その柔らかい優しい笑顔はあの手紙を思い出させた。指は太く手のひらは血管が浮き出ている。肩幅は広くがっちりした体型。

この人こそがずっと会いたかった、田所さんだった。




私の娘、田所さんの息子と4人でお茶をしながら話した。お互いが年齢に嘘を付いていて、会うってなった時に田所さんも息子さんにお願いをしたみたいだ。

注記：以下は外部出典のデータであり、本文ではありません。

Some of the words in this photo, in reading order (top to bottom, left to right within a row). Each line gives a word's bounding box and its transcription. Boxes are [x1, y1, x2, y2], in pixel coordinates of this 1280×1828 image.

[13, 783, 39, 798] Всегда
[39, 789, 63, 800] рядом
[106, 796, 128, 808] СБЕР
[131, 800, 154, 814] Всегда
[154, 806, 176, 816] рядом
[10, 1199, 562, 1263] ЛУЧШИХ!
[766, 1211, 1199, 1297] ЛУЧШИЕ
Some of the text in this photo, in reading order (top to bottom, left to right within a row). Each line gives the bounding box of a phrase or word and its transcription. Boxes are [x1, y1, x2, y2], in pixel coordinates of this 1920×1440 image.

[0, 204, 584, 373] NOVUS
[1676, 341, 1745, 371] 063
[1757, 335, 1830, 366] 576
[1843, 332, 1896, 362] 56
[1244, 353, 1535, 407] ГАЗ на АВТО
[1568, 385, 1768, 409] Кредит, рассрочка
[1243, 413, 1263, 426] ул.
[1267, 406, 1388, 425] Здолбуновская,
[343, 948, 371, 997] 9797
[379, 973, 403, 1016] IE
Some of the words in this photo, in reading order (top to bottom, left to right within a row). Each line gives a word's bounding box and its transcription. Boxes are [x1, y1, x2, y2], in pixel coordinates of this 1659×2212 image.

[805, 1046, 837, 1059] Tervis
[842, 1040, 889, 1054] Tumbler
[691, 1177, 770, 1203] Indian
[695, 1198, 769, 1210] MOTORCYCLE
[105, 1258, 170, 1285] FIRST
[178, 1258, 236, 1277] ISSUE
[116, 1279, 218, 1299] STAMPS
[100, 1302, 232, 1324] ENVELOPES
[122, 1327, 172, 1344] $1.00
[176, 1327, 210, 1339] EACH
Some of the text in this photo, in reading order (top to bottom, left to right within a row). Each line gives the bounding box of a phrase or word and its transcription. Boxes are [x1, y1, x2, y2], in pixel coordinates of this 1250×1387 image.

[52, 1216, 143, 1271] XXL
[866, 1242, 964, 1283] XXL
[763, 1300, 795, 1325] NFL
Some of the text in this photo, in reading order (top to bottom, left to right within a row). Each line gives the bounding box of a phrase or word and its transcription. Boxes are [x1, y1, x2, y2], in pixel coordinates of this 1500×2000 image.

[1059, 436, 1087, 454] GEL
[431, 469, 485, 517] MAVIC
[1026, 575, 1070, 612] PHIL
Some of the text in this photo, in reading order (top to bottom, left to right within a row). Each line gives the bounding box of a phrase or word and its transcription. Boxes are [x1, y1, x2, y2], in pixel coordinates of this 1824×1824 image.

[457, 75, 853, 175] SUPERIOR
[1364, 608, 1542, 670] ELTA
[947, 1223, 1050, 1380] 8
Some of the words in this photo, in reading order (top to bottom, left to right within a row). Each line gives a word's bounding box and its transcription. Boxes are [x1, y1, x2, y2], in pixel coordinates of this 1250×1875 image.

「早苗さん、本当に申し訳ない。45歳のおじさんだと嫌われるかなって思い、嘘をついてしまいました」


「私もそうです。田所さんが25歳って書いた時、嫌われると思って嘘ついちゃいました。すみません!」


「あはは、お互い嘘ついてたんですね。でも私は本当にカメラマンやってて、今東京で個展やってるんですよ」


「そうなんですか?私は看護師だなんて嘘で、ただの事務員なんです。すみません!」





「早苗さん、もし良かったらこの後、個展見に来てくれませんか?」




今日初めて会ったのに、昔から知っている様な感覚がする。懐かしい感じがする人。

青い春みたいな暖かい風が心を吹き抜ける。

鼓動が早くなる。

私はやっぱり、この人に……。




この後、私と田所さんは個展に。娘と田所さんの息子は友達になったみたいで、娘が東京案内をする事になった。





個展の帰りに、田所さんが少し頬を染めながら私に呟いた。




「あの、初めて会ってこんな事言うのおかしいですが……ずっと早苗さんが気になっていたんです。もし良かったら、友達からでもいいので僕とお付き合いしてくれませんか?」




まさか、そんな事言ってくれるなんて思いもしなかった。でも、同じ気持ちでいてくれた事がすごく嬉しい。




「はい」





私たちは東京と愛知に戻り、また文通を始める。 


今度はスマホから送られる恋文通で。